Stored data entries
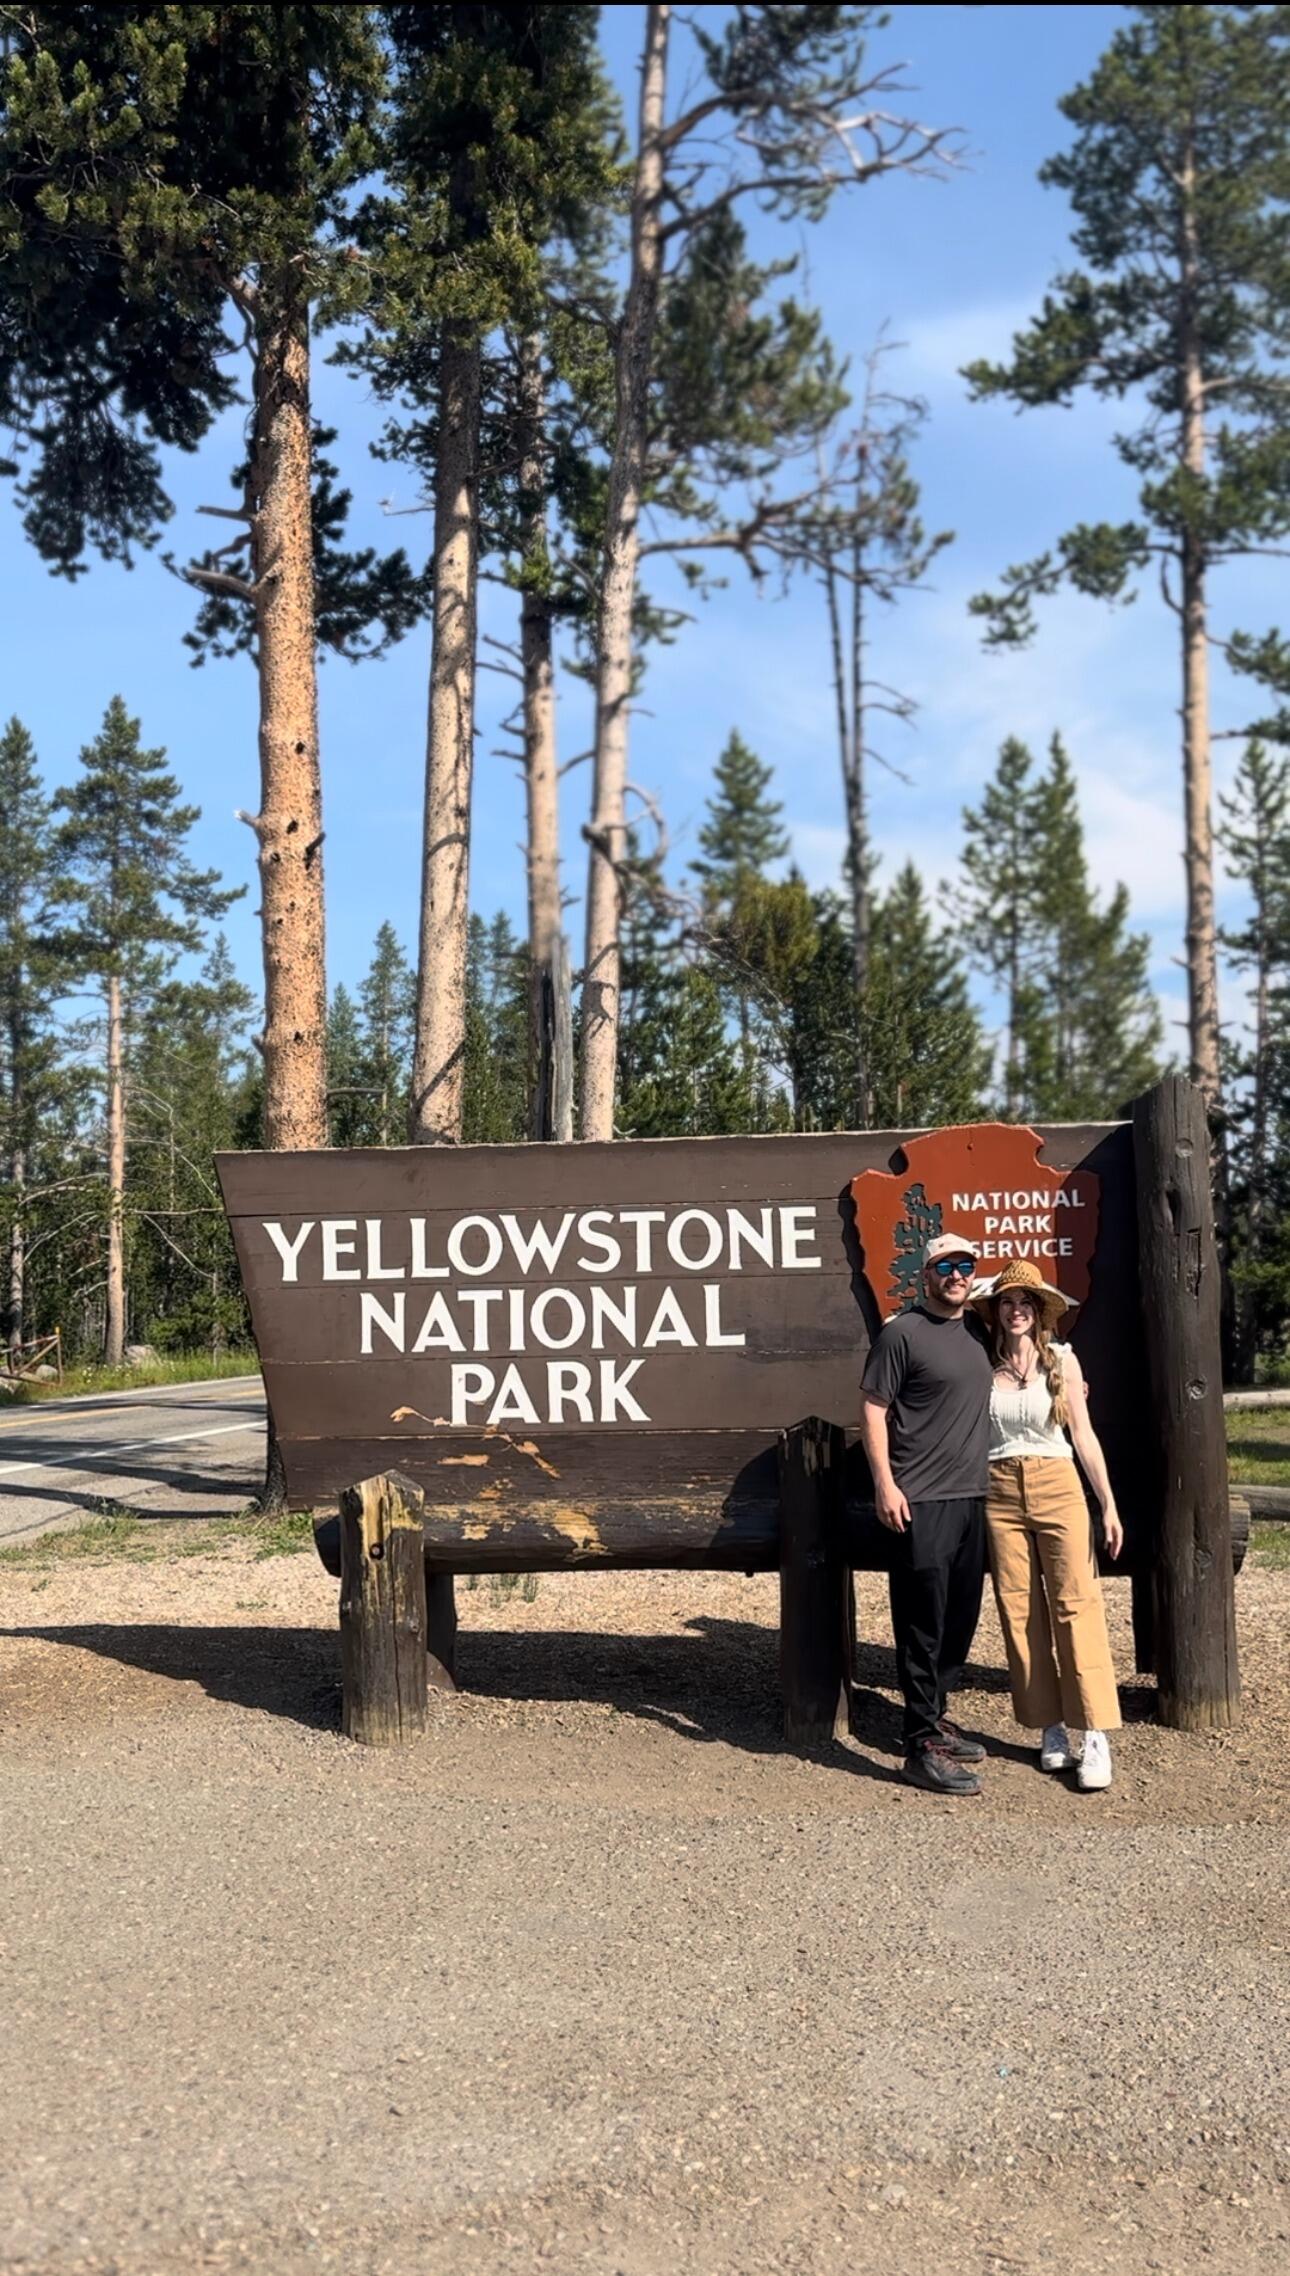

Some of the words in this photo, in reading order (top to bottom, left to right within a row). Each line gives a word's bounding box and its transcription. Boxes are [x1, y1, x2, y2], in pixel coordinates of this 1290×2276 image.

[952, 1189, 1085, 1211] NATIONAL
[263, 1206, 822, 1281] YELLOWSTONE
[985, 1214, 1051, 1234] PARK
[970, 1238, 1073, 1259] SERVICE
[360, 1284, 746, 1353] NATIONAL
[451, 1359, 651, 1426] PARK

:: ASSIGNED TASK ::
Retype each line above precisely, please. Skip anything that is a picture.

:: FINISHED TASK ::
Some of the words in this photo, in reading order (top to bottom, left to right within a row). Each line gives a word's bounding box and its transcription. Boxes are [x1, y1, x2, y2], in pixel coordinates of this 1290×2276 image.

[952, 1189, 1085, 1211] NATIONAL
[263, 1206, 822, 1281] YELLOWSTONE
[985, 1214, 1051, 1234] PARK
[970, 1238, 1073, 1259] SERVICE
[360, 1284, 746, 1353] NATIONAL
[451, 1359, 651, 1426] PARK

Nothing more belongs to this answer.